*** Data in this exercise ***
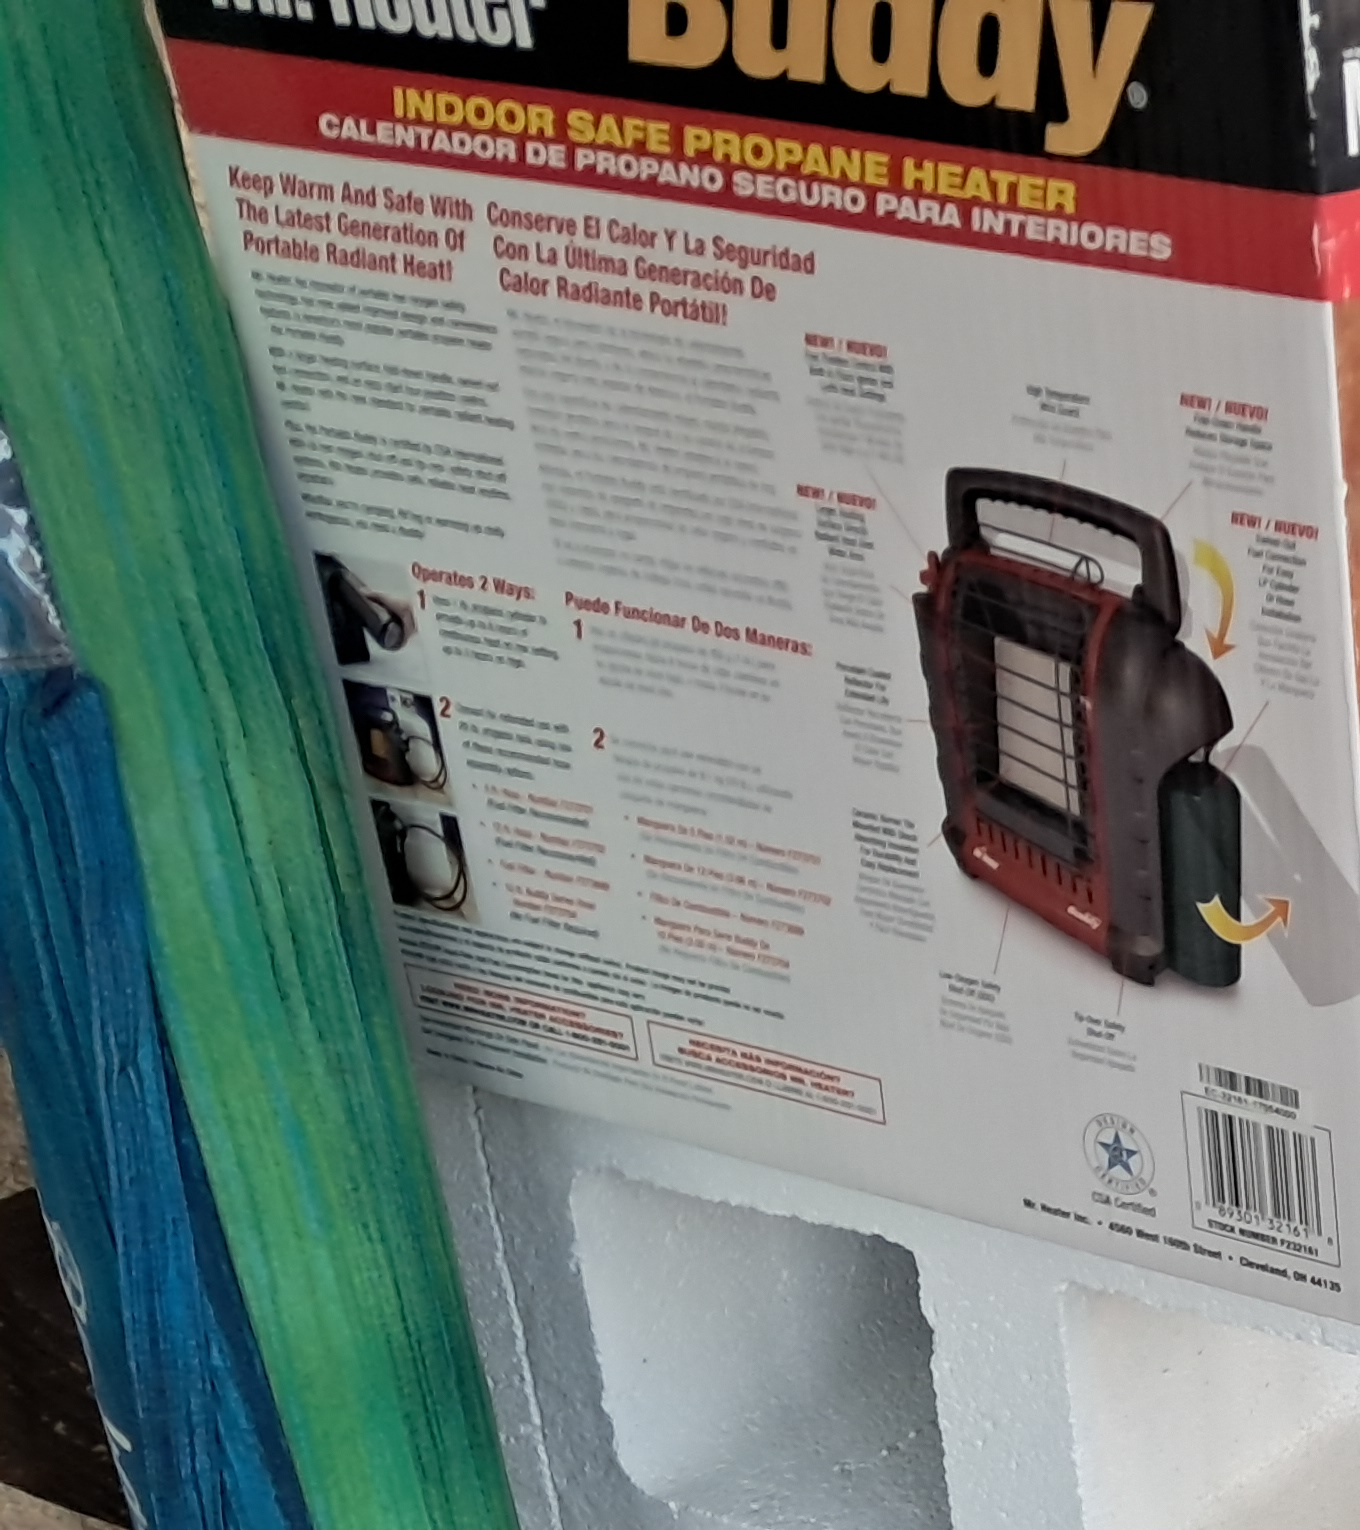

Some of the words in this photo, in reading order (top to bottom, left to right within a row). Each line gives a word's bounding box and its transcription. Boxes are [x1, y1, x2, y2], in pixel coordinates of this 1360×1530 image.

[393, 86, 554, 138] INDOOR
[567, 110, 671, 155] SAFE
[684, 126, 888, 187] PROPANE
[903, 155, 1077, 213] HEATER
[228, 165, 274, 198] Keep
[279, 172, 335, 202] Warm
[341, 181, 377, 208] And
[382, 186, 425, 216] Safe
[430, 194, 474, 222] With
[318, 113, 517, 163] CALENTADOR
[526, 139, 567, 171] DE
[575, 147, 724, 193] PROPANO
[733, 171, 867, 214] SEGURO
[877, 196, 962, 229] PARA
[972, 209, 1172, 260] INTERIORES
[235, 197, 269, 224] The
[274, 205, 331, 233] Latest
[337, 212, 439, 248] Generation
[444, 227, 466, 252] Of
[486, 201, 577, 236] Conserve
[583, 215, 601, 238] El
[607, 218, 658, 249] Calor
[664, 229, 677, 251] Y
[684, 232, 706, 257] La
[712, 235, 815, 275] Seguridad
[242, 230, 320, 263] Portable
[326, 242, 397, 274] Radiant
[403, 253, 453, 281] Heat!
[493, 235, 529, 261] Con
[536, 241, 557, 266] La
[565, 241, 628, 277] Última
[634, 255, 744, 295] Generación
[751, 276, 777, 301] De
[499, 267, 549, 296] Calor
[556, 277, 643, 311] Radiante
[1180, 392, 1212, 411] NEW!
[1216, 400, 1221, 412] /
[1225, 400, 1269, 421] NUEVO!
[1231, 511, 1262, 529] NEW!
[1274, 521, 1319, 540] NUEVO!
[411, 561, 475, 591] Operates
[480, 574, 490, 591] 2
[493, 578, 535, 600] Ways:
[417, 590, 427, 609] 1
[564, 592, 610, 617] Puede
[613, 601, 687, 630] Funcionar
[691, 614, 710, 634] De
[714, 619, 741, 641] Dos
[744, 627, 813, 656] Maneras:
[573, 619, 583, 639] 1
[439, 698, 451, 718] 2
[592, 728, 606, 750] 2
[1268, 1218, 1309, 1238] 32161
[1239, 1256, 1291, 1280] Cleveland,
***
**What to do:**
Set every record down again verbatim, without pictures.

**Worked solution:**
Some of the words in this photo, in reading order (top to bottom, left to right within a row). Each line gives a word's bounding box and its transcription. Boxes are [x1, y1, x2, y2], in pixel coordinates of this 1360×1530 image.

[393, 86, 554, 138] INDOOR
[567, 110, 671, 155] SAFE
[684, 126, 888, 187] PROPANE
[903, 155, 1077, 213] HEATER
[228, 165, 274, 198] Keep
[279, 172, 335, 202] Warm
[341, 181, 377, 208] And
[382, 186, 425, 216] Safe
[430, 194, 474, 222] With
[318, 113, 517, 163] CALENTADOR
[526, 139, 567, 171] DE
[575, 147, 724, 193] PROPANO
[733, 171, 867, 214] SEGURO
[877, 196, 962, 229] PARA
[972, 209, 1172, 260] INTERIORES
[235, 197, 269, 224] The
[274, 205, 331, 233] Latest
[337, 212, 439, 248] Generation
[444, 227, 466, 252] Of
[486, 201, 577, 236] Conserve
[583, 215, 601, 238] El
[607, 218, 658, 249] Calor
[664, 229, 677, 251] Y
[684, 232, 706, 257] La
[712, 235, 815, 275] Seguridad
[242, 230, 320, 263] Portable
[326, 242, 397, 274] Radiant
[403, 253, 453, 281] Heat!
[493, 235, 529, 261] Con
[536, 241, 557, 266] La
[565, 241, 628, 277] Última
[634, 255, 744, 295] Generación
[751, 276, 777, 301] De
[499, 267, 549, 296] Calor
[556, 277, 643, 311] Radiante
[1180, 392, 1212, 411] NEW!
[1216, 400, 1221, 412] /
[1225, 400, 1269, 421] NUEVO!
[1231, 511, 1262, 529] NEW!
[1274, 521, 1319, 540] NUEVO!
[411, 561, 475, 591] Operates
[480, 574, 490, 591] 2
[493, 578, 535, 600] Ways:
[417, 590, 427, 609] 1
[564, 592, 610, 617] Puede
[613, 601, 687, 630] Funcionar
[691, 614, 710, 634] De
[714, 619, 741, 641] Dos
[744, 627, 813, 656] Maneras:
[573, 619, 583, 639] 1
[439, 698, 451, 718] 2
[592, 728, 606, 750] 2
[1268, 1218, 1309, 1238] 32161
[1239, 1256, 1291, 1280] Cleveland,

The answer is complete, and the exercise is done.